When Loma Shade the avian traverses into Earth, she lands in the consciousness of Megan Boyer, a comatose high school girl. Loma’s luck stinks, in this case, because Megan is a total mean girl. While her past actions were only hinted at in the first two issues, Loma now gets to see what Megan has done. Boy, the results are not pretty, as Megan seems like a serial harasser and bully. So it’s no wonder that most people hate her. Loma considers whether she should leave, but she believes Earth is her home now. So Loma tries to tap into the hate of Megan in order to survive amongst those who want to bring her down.

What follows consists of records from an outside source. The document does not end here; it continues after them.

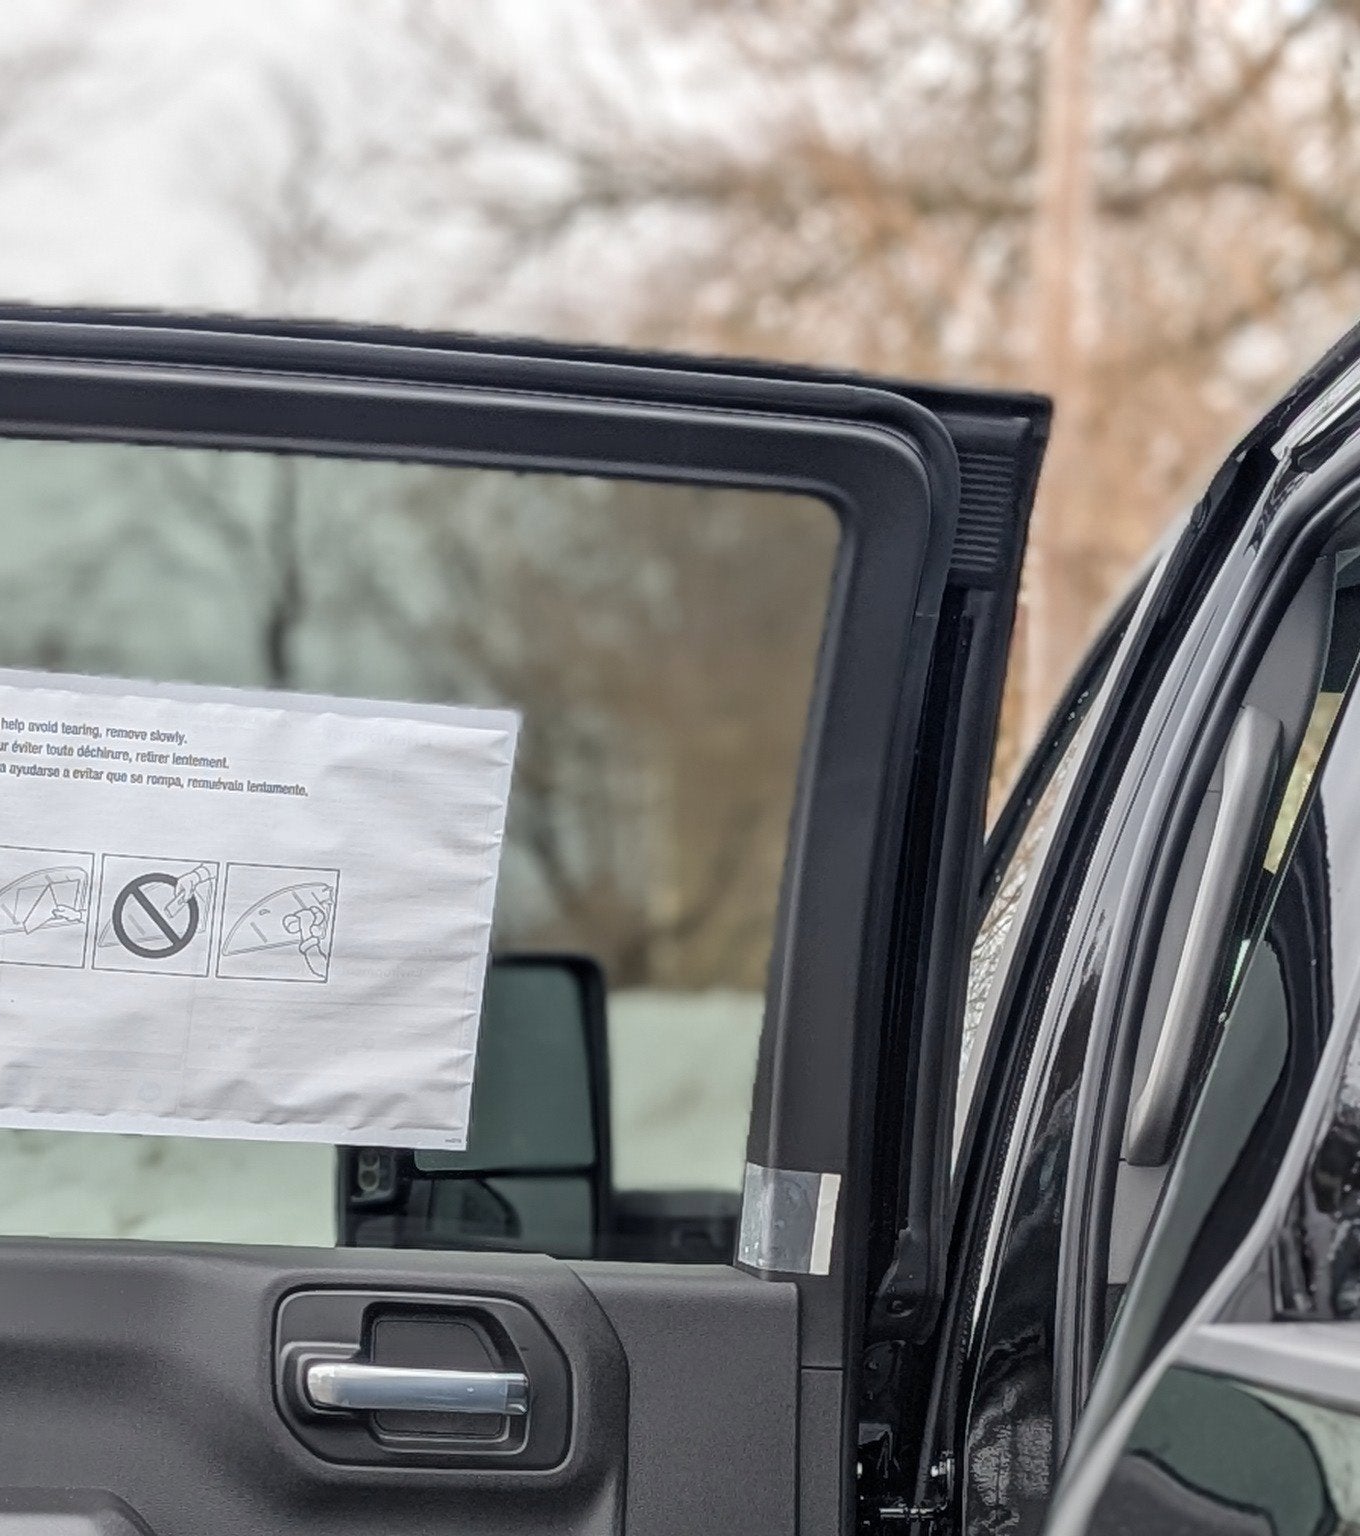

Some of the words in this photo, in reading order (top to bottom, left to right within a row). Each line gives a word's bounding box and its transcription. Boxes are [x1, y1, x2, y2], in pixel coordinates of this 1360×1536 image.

[1, 717, 25, 733] help
[28, 720, 58, 734] avoid
[61, 722, 103, 739] tearing,
[105, 727, 147, 741] remove
[149, 729, 188, 746] slowly.
[11, 740, 43, 755] éviter
[46, 743, 74, 757] toute
[77, 744, 133, 763] déchirure,
[135, 751, 170, 764] retirer
[172, 752, 230, 770] lentement.
[9, 762, 60, 778] ayudarse
[63, 769, 71, 779] a
[72, 767, 104, 781] evitar
[106, 771, 128, 783] que
[130, 773, 144, 784] se
[146, 774, 184, 789] rompa,
[246, 780, 309, 798] lentamente.
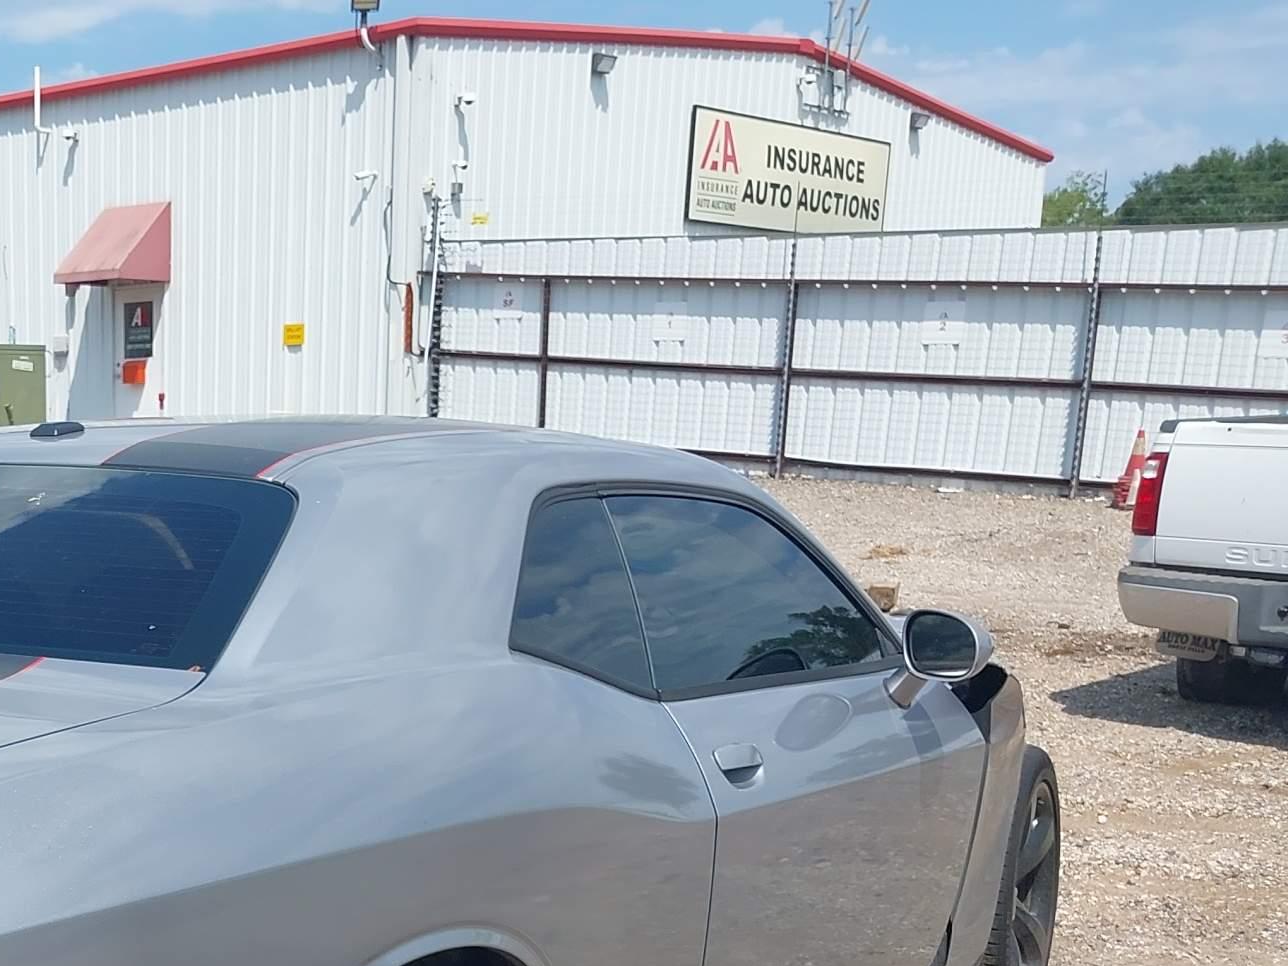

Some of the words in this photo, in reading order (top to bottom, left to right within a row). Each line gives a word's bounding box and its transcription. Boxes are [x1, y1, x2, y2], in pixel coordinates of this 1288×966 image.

[766, 144, 866, 184] INSURANCE
[697, 180, 739, 195] INSURANCE
[741, 179, 793, 209] AUTO
[797, 187, 881, 222] AUCTIONS
[1159, 631, 1190, 645] AUTO
[1191, 634, 1218, 652] MAX
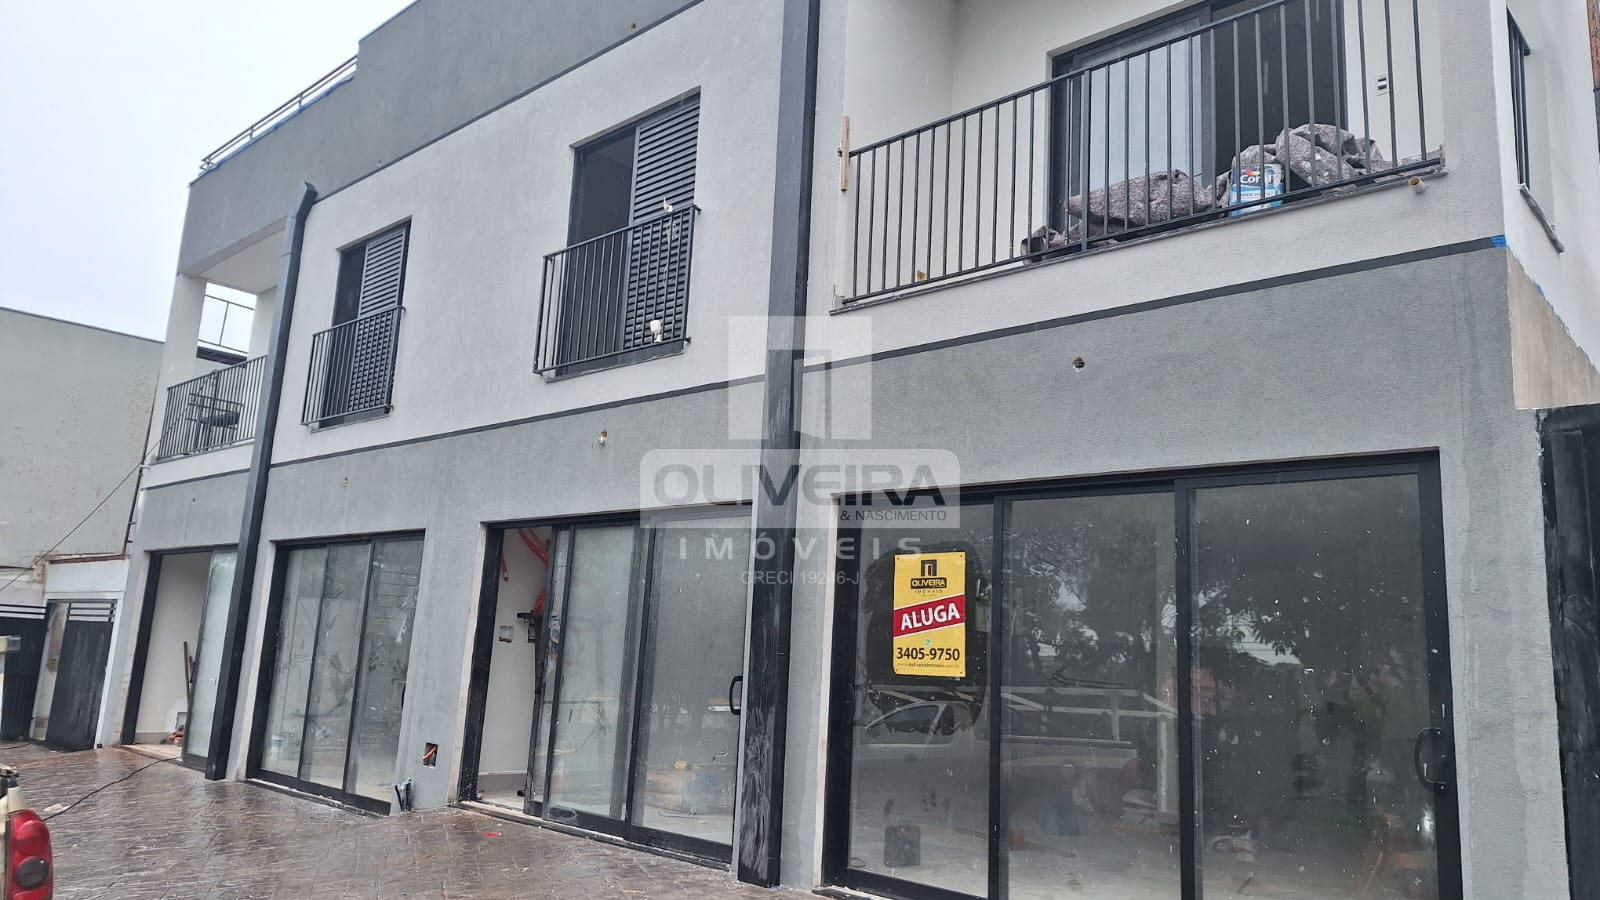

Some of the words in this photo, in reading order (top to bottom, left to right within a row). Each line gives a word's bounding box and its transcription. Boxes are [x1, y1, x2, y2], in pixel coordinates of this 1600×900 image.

[911, 578, 946, 588] OLIVEIRA
[900, 602, 961, 631] ALUGA
[896, 647, 961, 661] 3405-9750
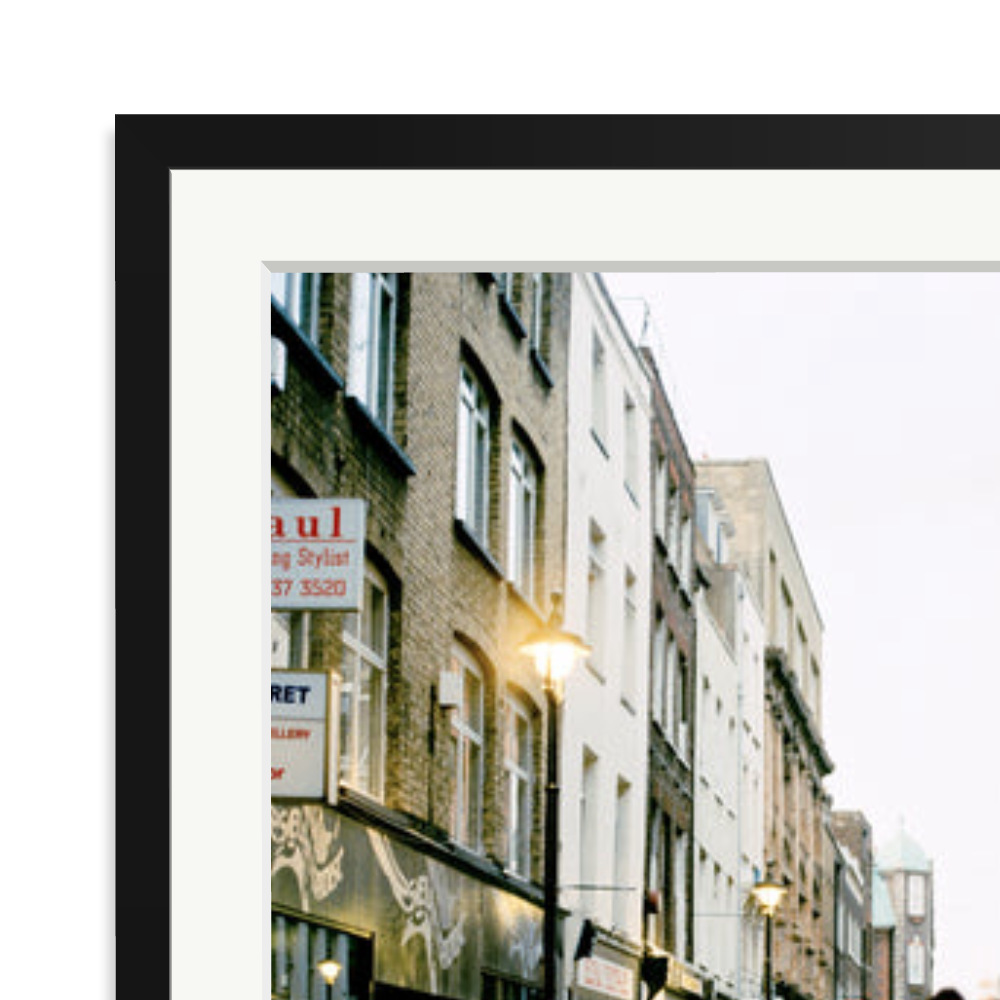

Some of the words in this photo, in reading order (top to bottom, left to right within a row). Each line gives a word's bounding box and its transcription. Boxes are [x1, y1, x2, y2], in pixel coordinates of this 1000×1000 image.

[271, 507, 341, 537] aul
[297, 546, 350, 569] Stylist
[299, 579, 347, 596] 3520
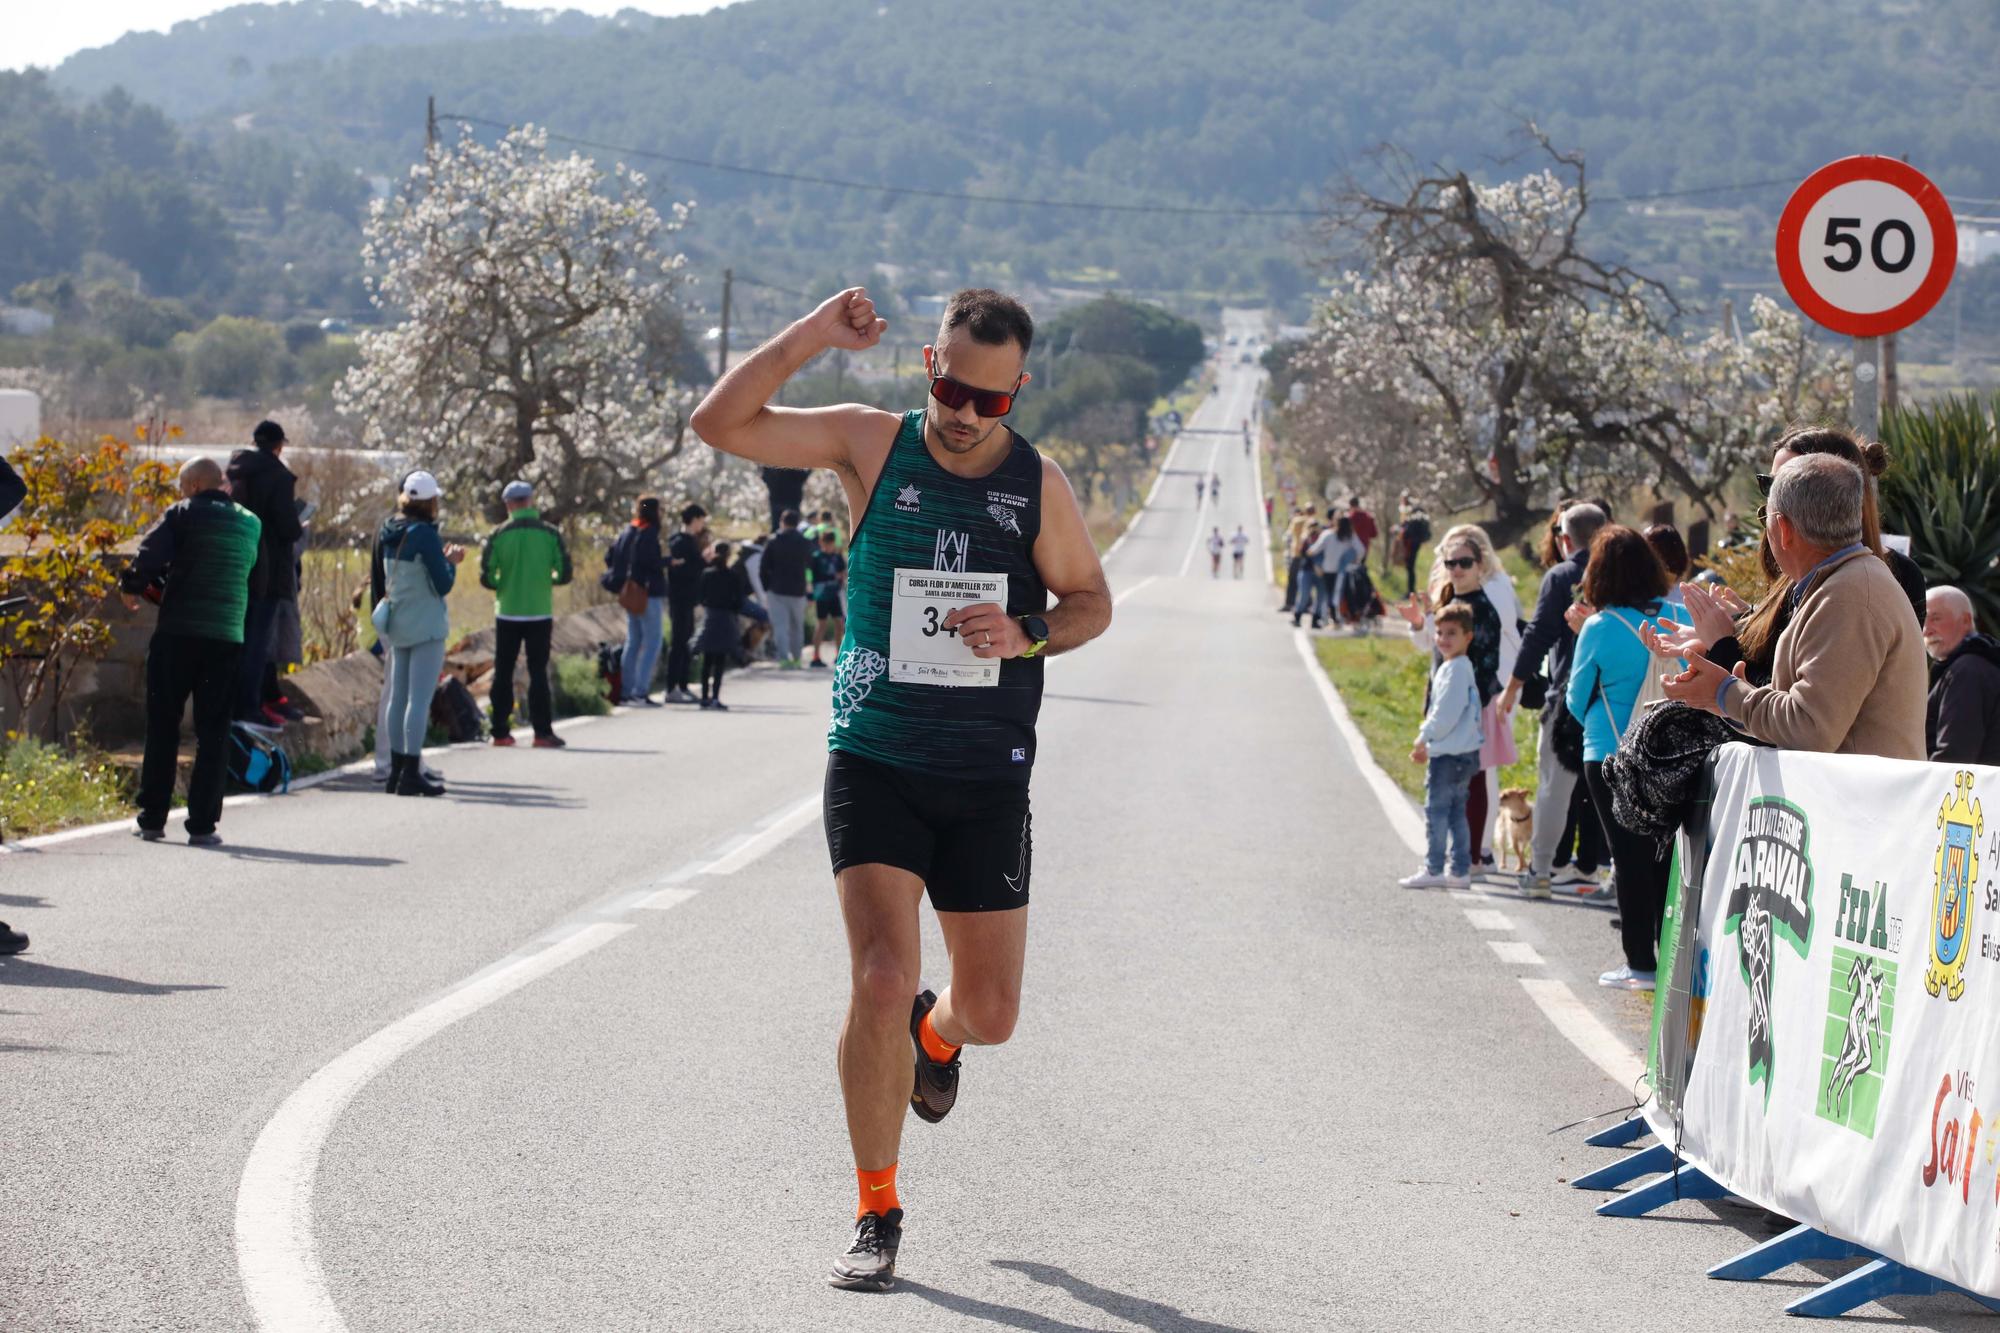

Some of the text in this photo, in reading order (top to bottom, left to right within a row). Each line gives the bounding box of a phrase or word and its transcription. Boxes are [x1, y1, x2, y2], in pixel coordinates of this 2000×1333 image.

The central set-up of the body transfer is pretty interesting, and we are starting to see it pay off. What happens when you wind up in the body of a horrible person? Loma seems rightly disgusted by Megan’s previous actions. At the same time, she IS Megan now. She has to live in her body, so she is on Megan’s side in some sense. While many versions of this story would have Loma try to make amends for Megan’s terrible past, Loma digs in. She perhaps sees that there is no way to make friends in this situation. She will use Megan’s talents to “charm and harm” and get through this life. This is certainly the juicier approach for a story. So I’m intrigued to see how Loma moves forward.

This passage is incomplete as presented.